I arrived at the ER and my GI had already been in contact with the physician attending to me. Who, as an aside, I had worked with a lot in EMS. She removed the broken tube from my stoma. IMG_20170604_233831 (1)

(Stoma with no tube)

My GI instructed her to insert a adult catheter into the stoma to hold it open, inflate the balloon, and send me home. He would contact me to get me set up with a new tube the next day. If she had issues, she was to call him back. She was unable to get a cath into my stoma, so she called my GI back, who then came in to try and fix the issue. I’ve said it in the past, but my GI is by far one of the most compassionate, caring physicians I have ever met. I think very highly of him. He stood by my bedside in the ER at midnight until 2 am trying to fix the tube. He was able to get a peds cath in, but the issue there was that the peds cath has no balloon, so nothing to hold the tube in. He put a guide wire in, removed the cath, and tried for a larger tube. unfortunately the guide wire came out. At this point we decided it was best to just put the peds cath in and call it a night, instead of trying to McGyver something in the middle of the night in an uncontrolled environment. Unfortunately since there was no balloon, I could not be sent home. In fact, I couldn’t even sit up, or use my abdominal muscles without risking losing the tube. They transferred me to his other hospital, and on Tuesday they were able to get a new tube back in! I was sent home Wednesday, and things have been calm since!
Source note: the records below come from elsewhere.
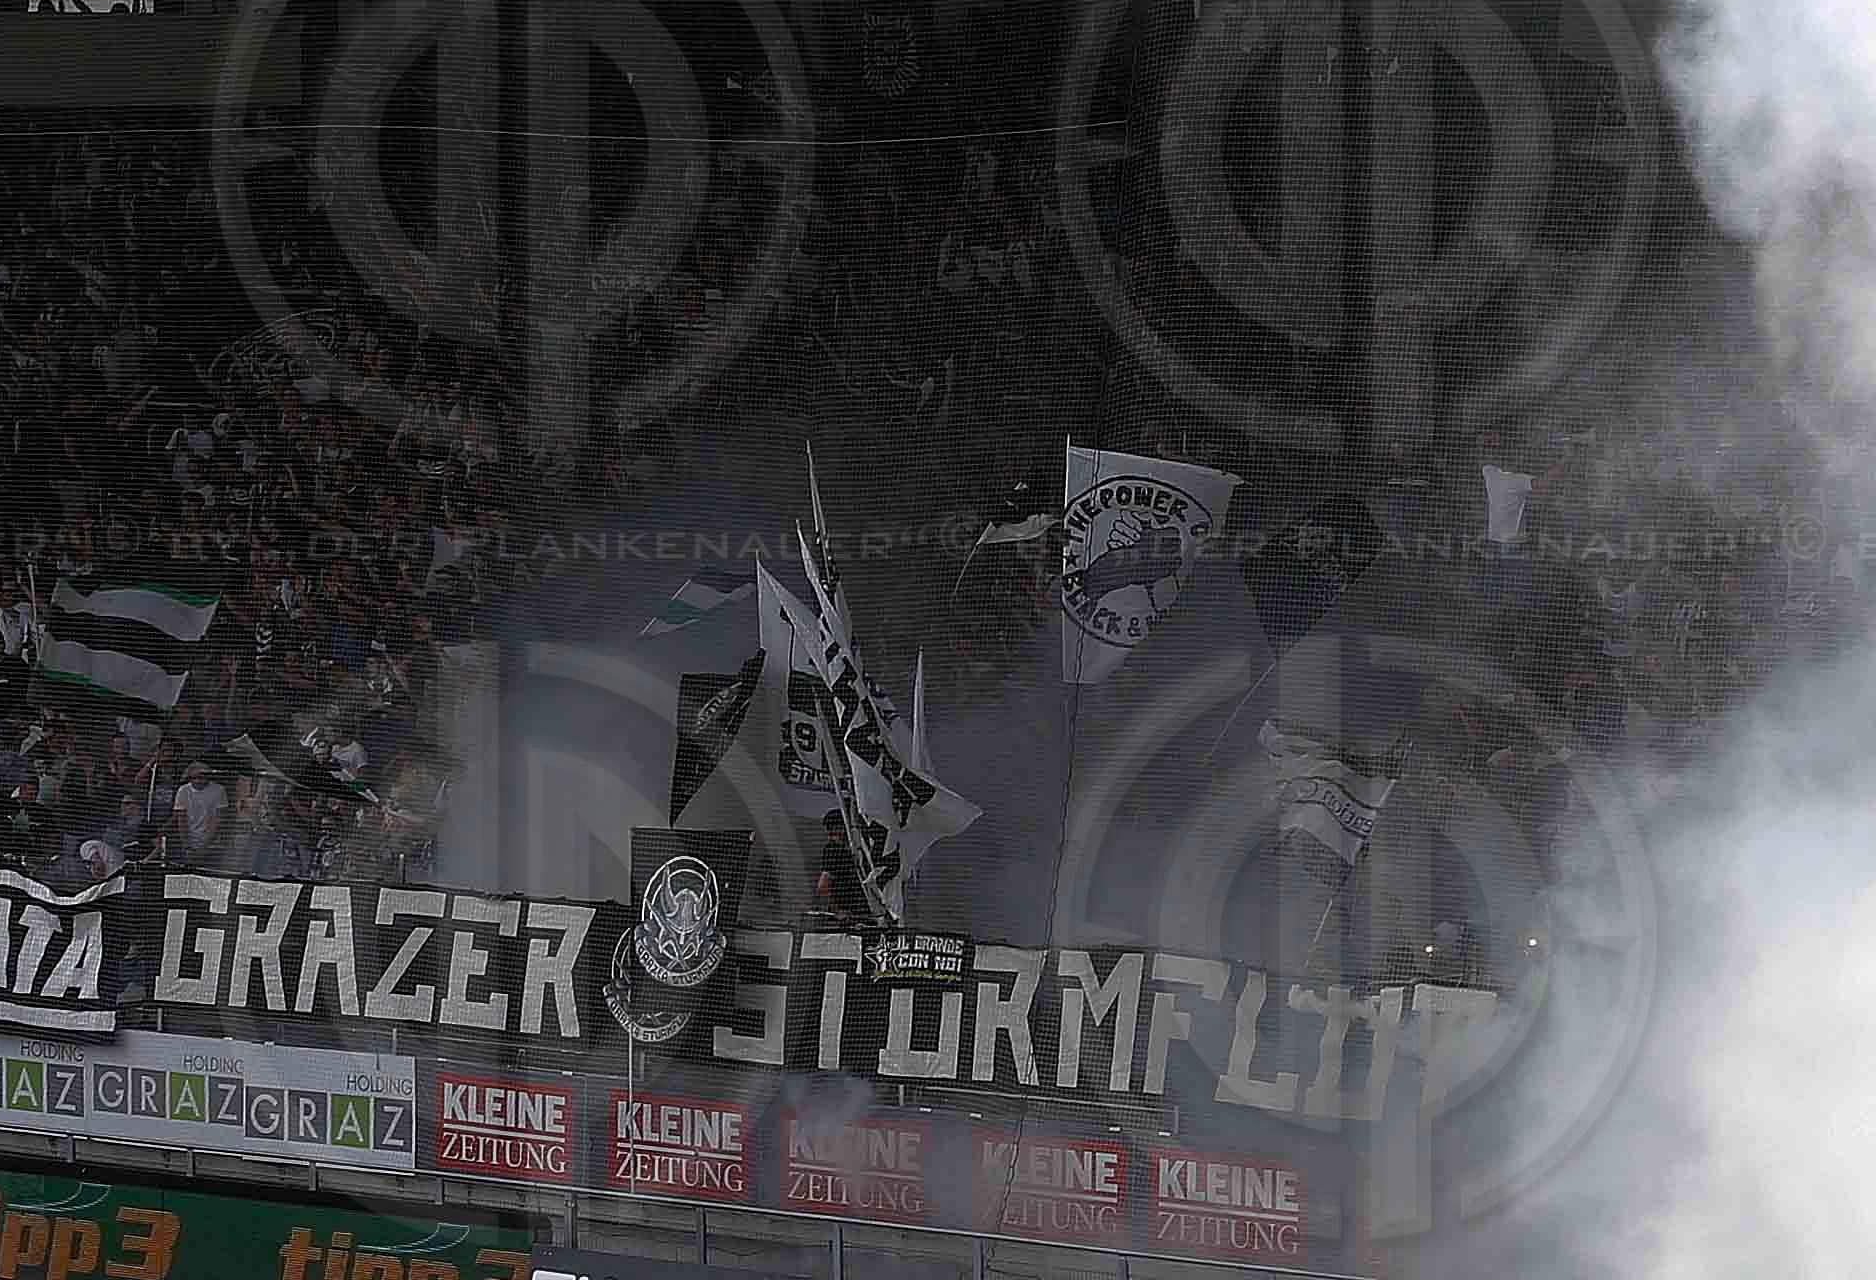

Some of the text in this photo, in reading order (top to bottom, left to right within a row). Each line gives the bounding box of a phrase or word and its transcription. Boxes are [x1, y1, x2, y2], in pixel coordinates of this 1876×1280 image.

[1067, 485, 1189, 544] THE POWER
[154, 873, 597, 1038] GRAZER
[20, 1040, 85, 1063] HOLDING
[182, 1055, 244, 1074] HOLDING
[97, 1071, 239, 1123] GRAZ
[346, 1073, 413, 1096] HOLDING
[442, 1080, 566, 1134] KLEINE
[249, 1093, 407, 1147] GRAZ
[617, 1100, 743, 1152] KLEINE
[441, 1131, 567, 1174] ZEITUNG
[614, 1150, 745, 1194] ZEITUNG
[1157, 1157, 1301, 1212] KLEINE
[1157, 1211, 1301, 1256] ZEITUNG
The hospital didn’t really have the size tube that we needed, so we settled for one that is a bit too short, but is allowing me to feed while we get the correct size in. There is a lot of risk to this, but we plan on switching it out the end of this week or next week. The risk involved here is that the stoma is new again, so we risk loosing the stoma while trying to change it out. But the risk of leaving this in until the stoma matures, comes with a risk of infection.  Having a history of endocarditis, makes it so that pretty much everything becomes a risk factor for developing endocarditis again. As such, the risk of losing the stoma is much less than the risk of infection. So, here’s hoping for a smooth change!

And that brings us to today! In the 95 degree weather, I had to go out and have my Echo done to check for any lasting damage done by the infection in my heart. Thankfully the cardiologist said he doesn’t think that there will be any, but until I know for certain I will remain anxious! I will update more once I know more about how the test looks!

 

Lots of love,

Megan

Where have I been?

Where have I been? How do I even begin to answer that question?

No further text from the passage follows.